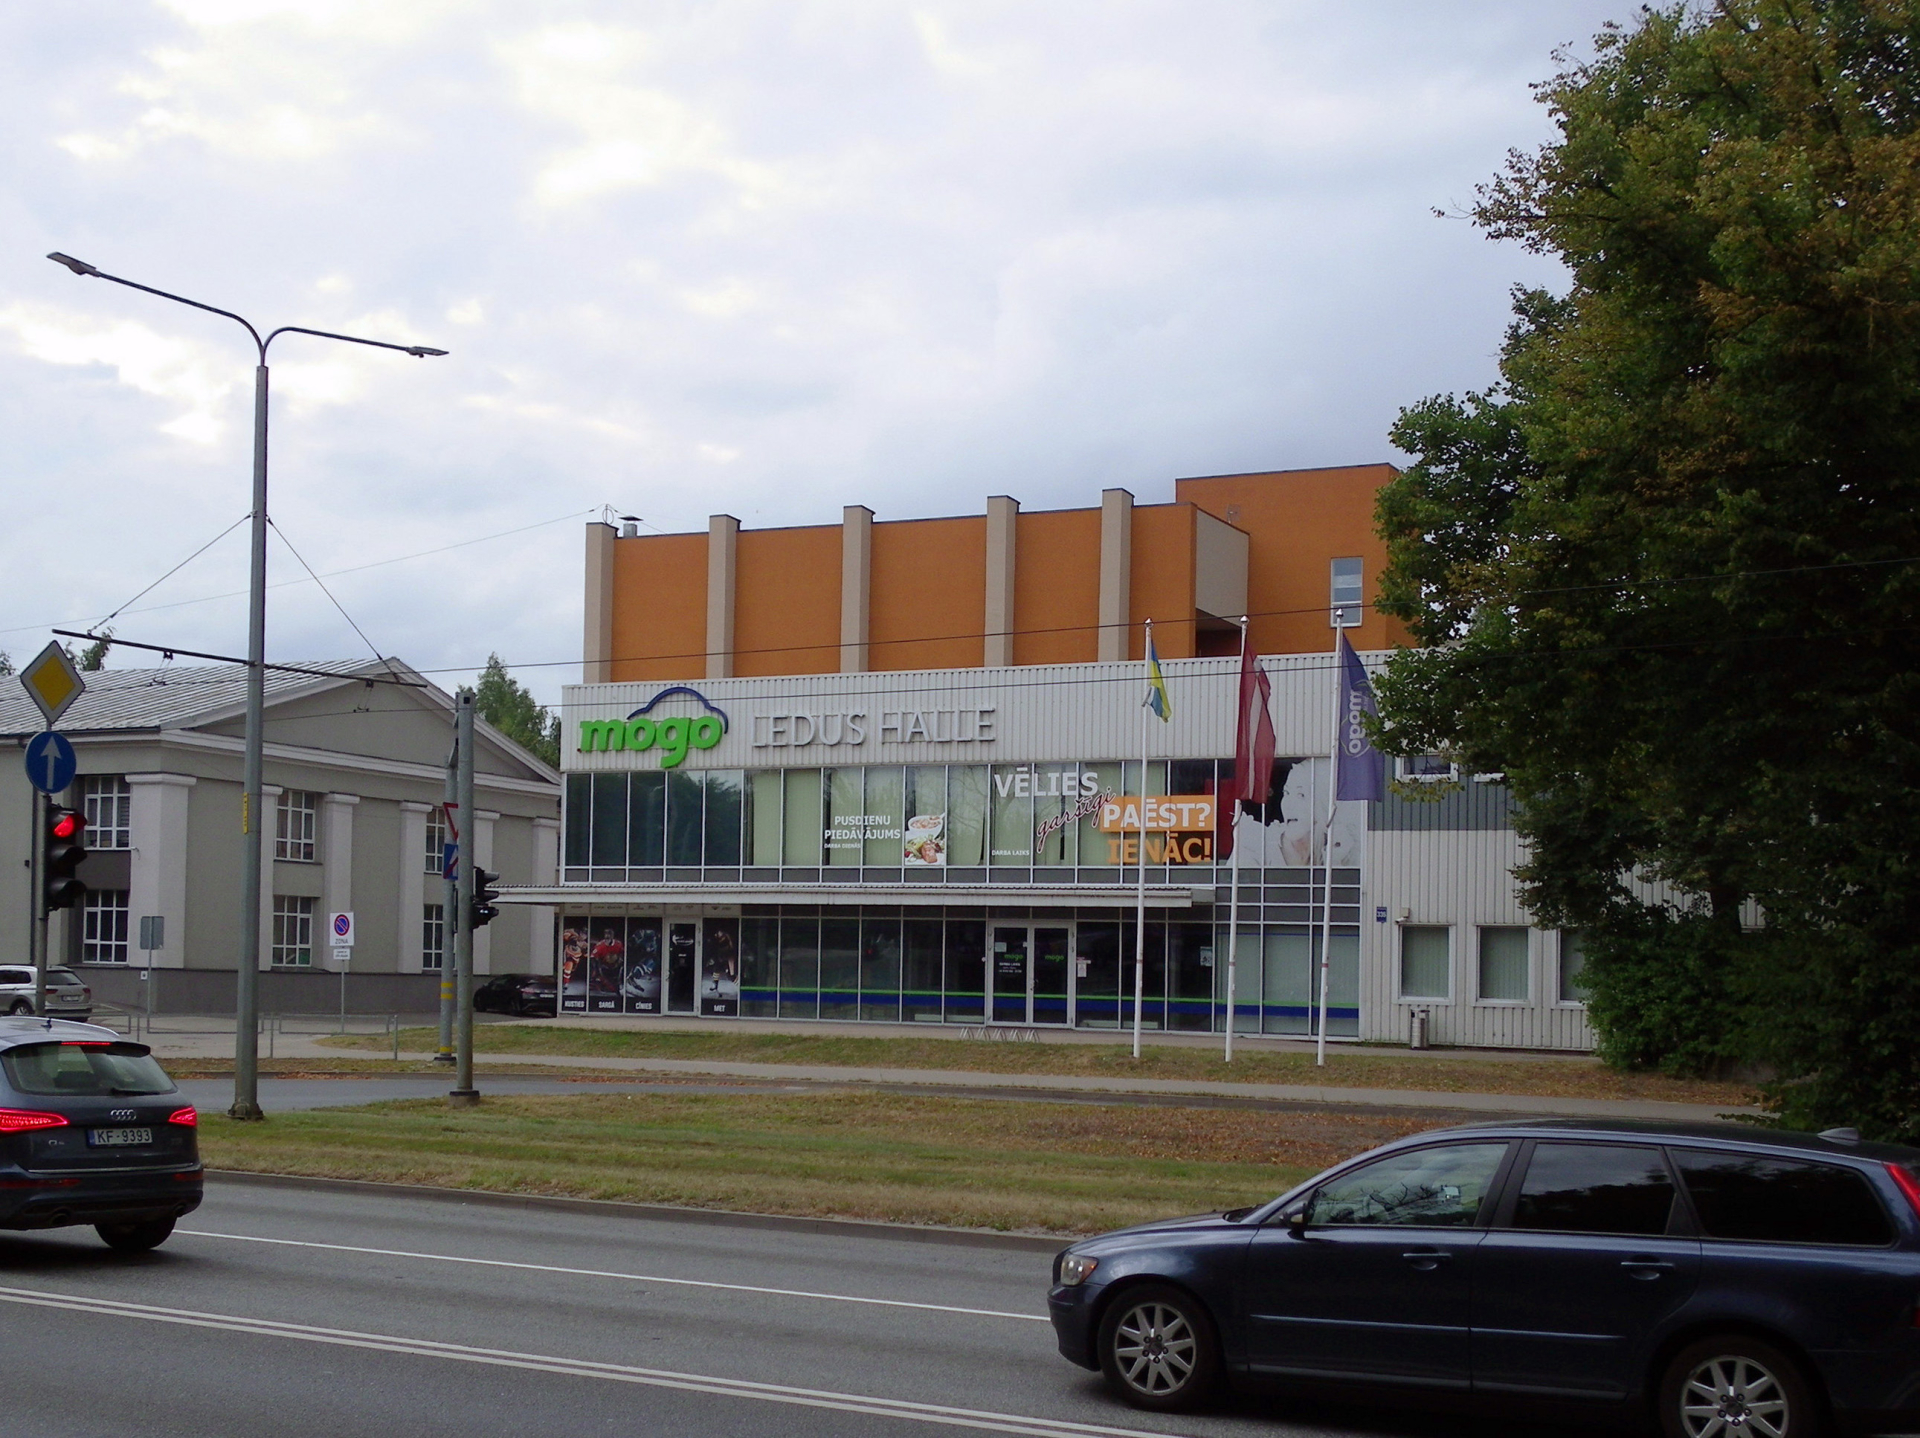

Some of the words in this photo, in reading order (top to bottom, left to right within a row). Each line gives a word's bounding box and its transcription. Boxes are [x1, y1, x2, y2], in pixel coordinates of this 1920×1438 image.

[752, 712, 867, 747] LEDUS
[880, 707, 997, 745] HALLE
[1349, 690, 1367, 754] mogo
[580, 716, 723, 769] mogo
[994, 767, 1099, 798] VĒLIES
[834, 815, 890, 825] PUSDIENU
[1037, 786, 1116, 854] garšīgi
[1103, 798, 1211, 828] PAĒST?
[824, 827, 900, 839] PIEDĀVĀJUMS
[1107, 832, 1212, 864] IENĀC!
[991, 849, 1011, 857] DARBA
[1044, 954, 1064, 962] mogo
[97, 1129, 151, 1143] KF-9393
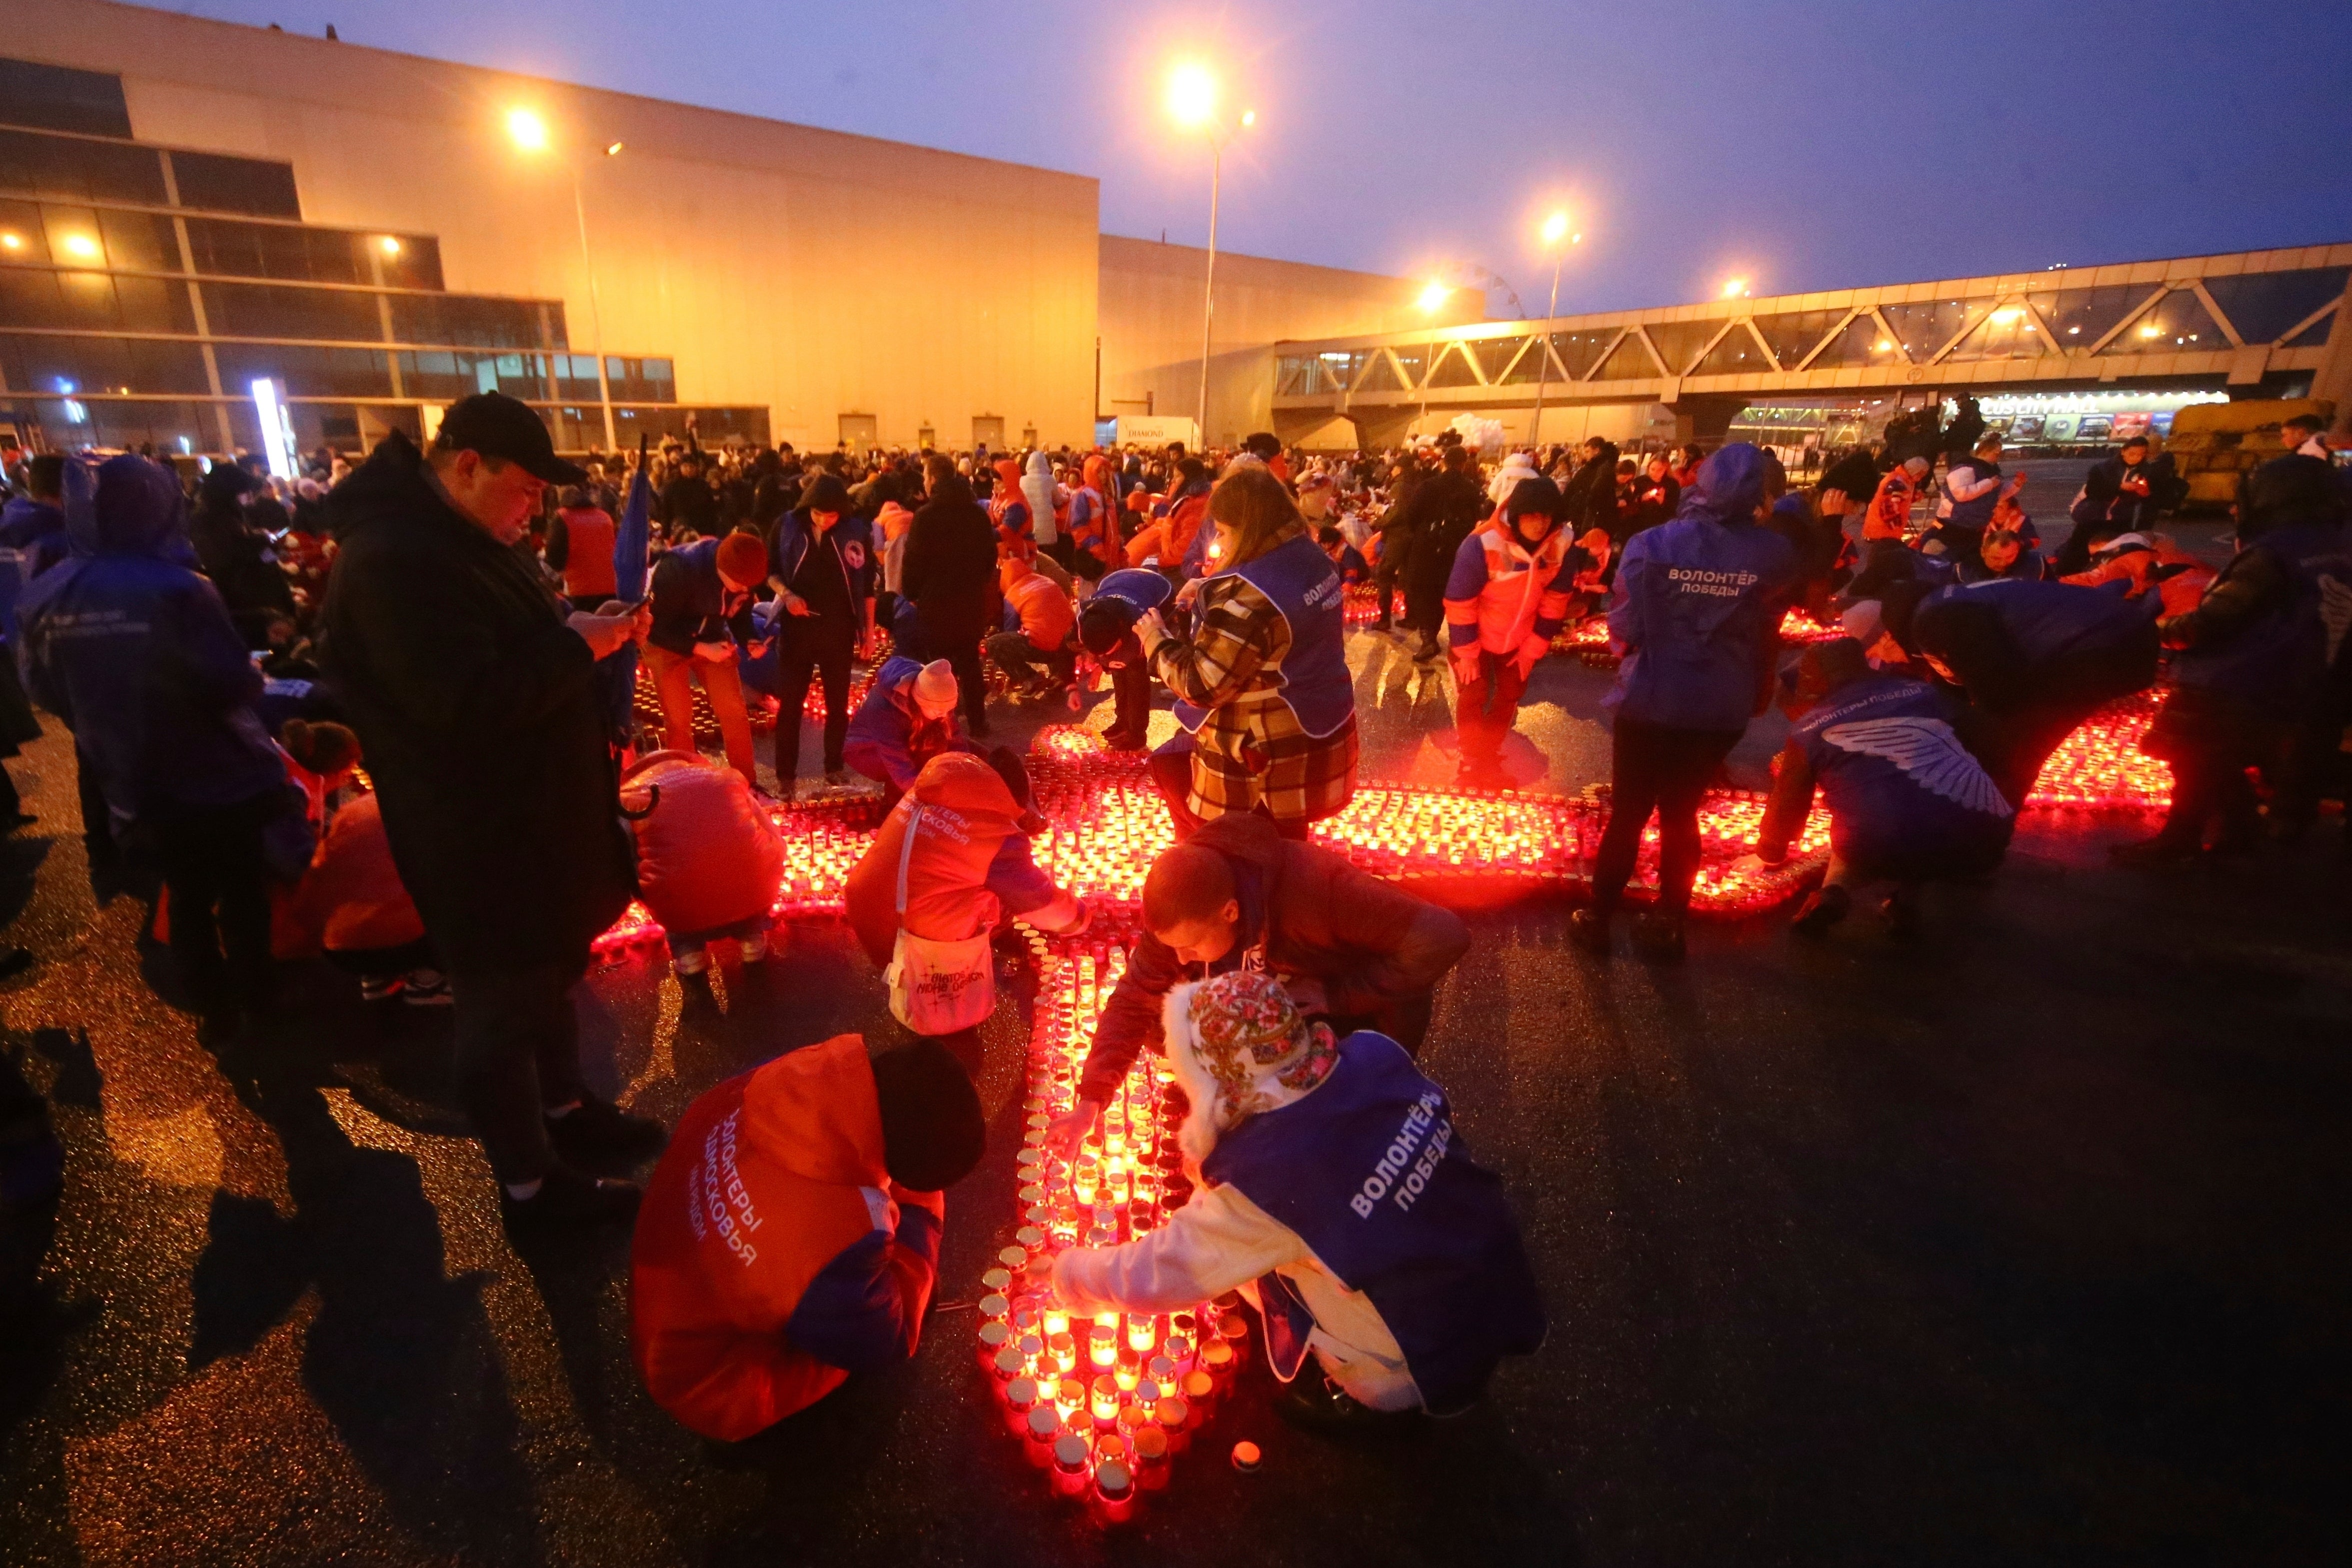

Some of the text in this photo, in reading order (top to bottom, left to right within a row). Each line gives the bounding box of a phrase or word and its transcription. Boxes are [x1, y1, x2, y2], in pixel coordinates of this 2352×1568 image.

[2016, 401, 2052, 414] CITY
[2053, 400, 2100, 413] HALL
[1669, 569, 1758, 585] ВОЛОНТЁР
[1681, 583, 1740, 597] ПОБЕДЫ
[1869, 687, 1922, 702] ПОБЕДЫ
[1394, 1119, 1452, 1212] ПОБЕДЫ
[705, 1125, 758, 1267] ОДМОСКОВЬЯ
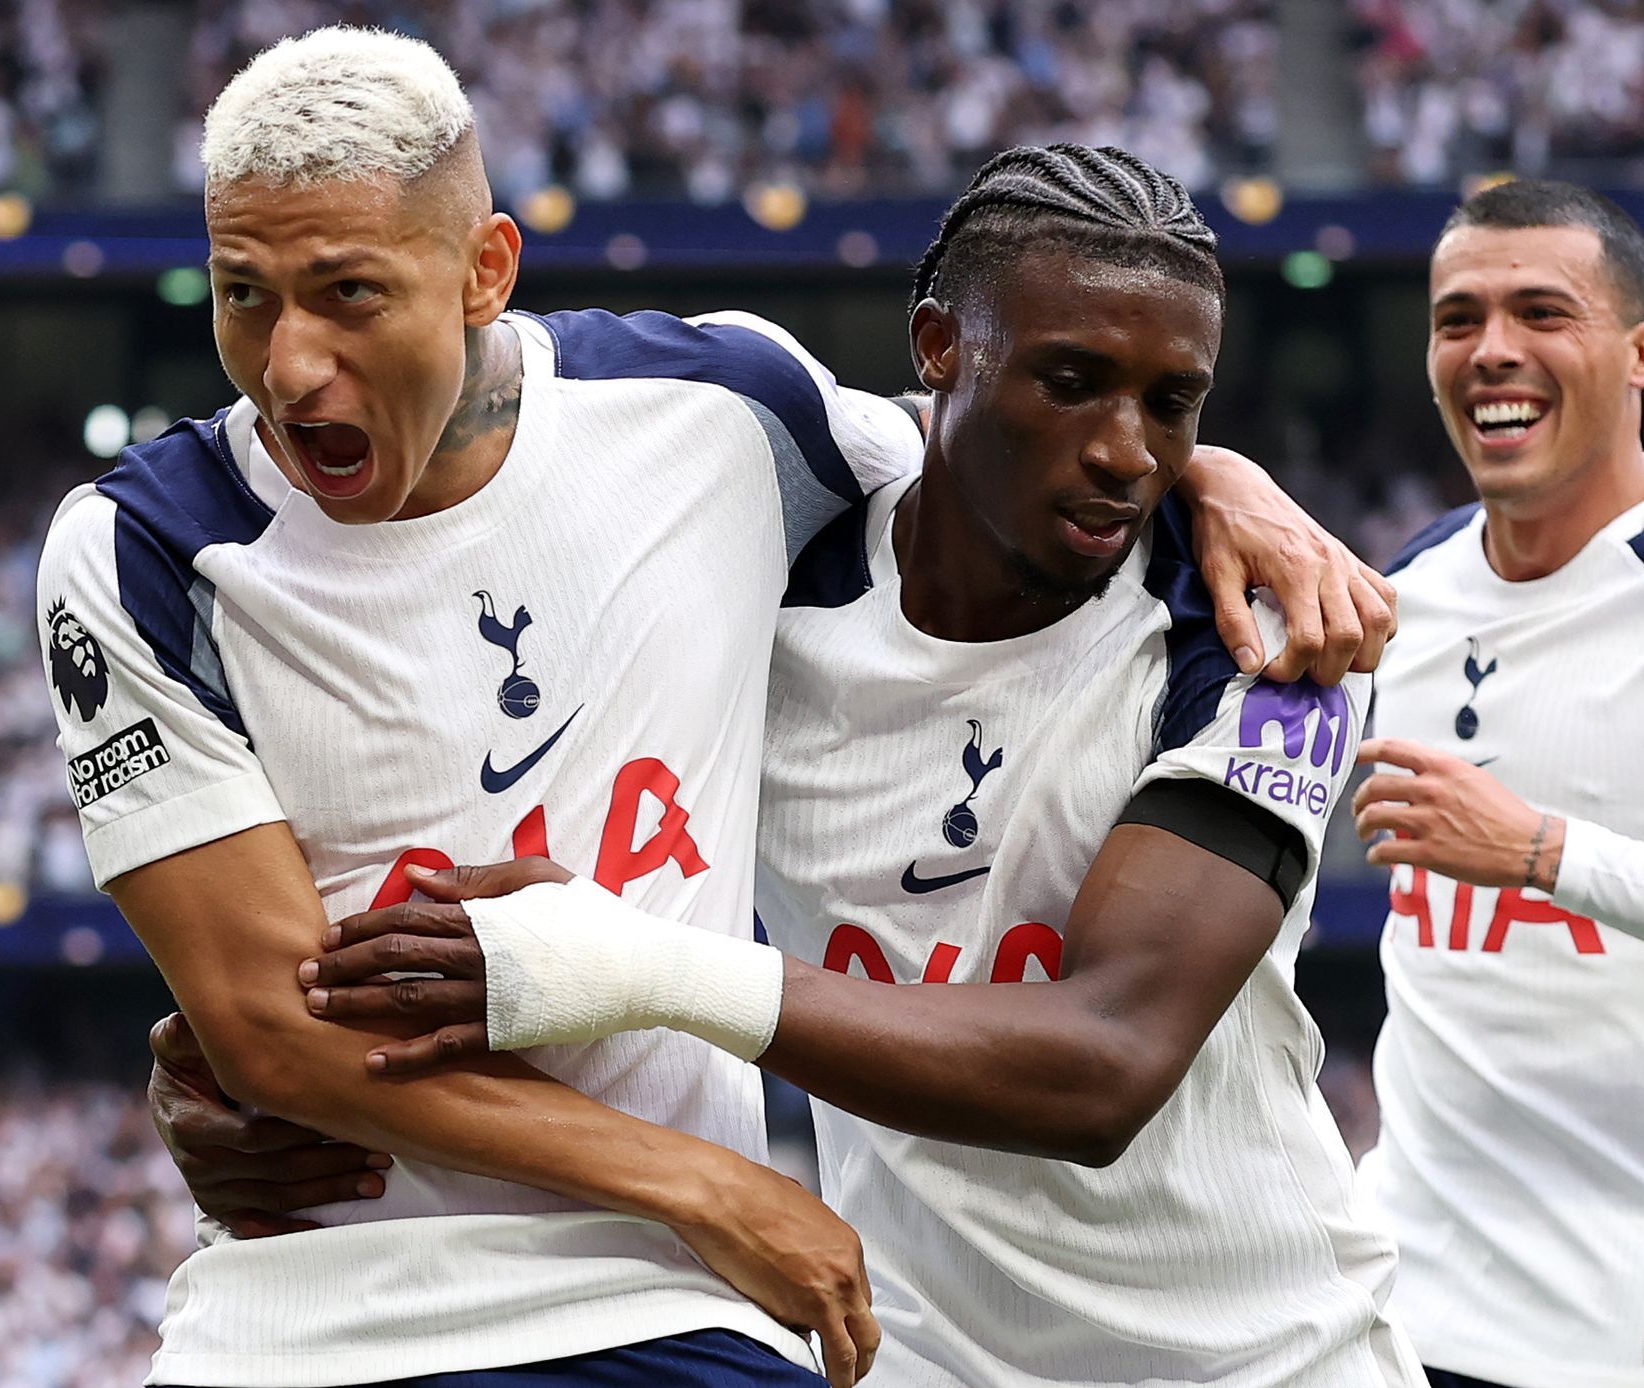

## Activity
Make an exact copy of the lines from the one holding "Some of the text" through the end of the material, both ends included, and keep the pictures out of it.

## Solution for this task
Some of the text in this photo, in reading order (top to bottom, left to right within a row). Each line gives the bounding box of a phrase or word and its transcription. Boxes are [x1, y1, x2, y2], in pixel coordinates of this 2352×1568 image.

[2016, 401, 2052, 414] CITY
[2053, 400, 2100, 413] HALL
[1669, 569, 1758, 585] ВОЛОНТЁР
[1681, 583, 1740, 597] ПОБЕДЫ
[1869, 687, 1922, 702] ПОБЕДЫ
[1394, 1119, 1452, 1212] ПОБЕДЫ
[705, 1125, 758, 1267] ОДМОСКОВЬЯ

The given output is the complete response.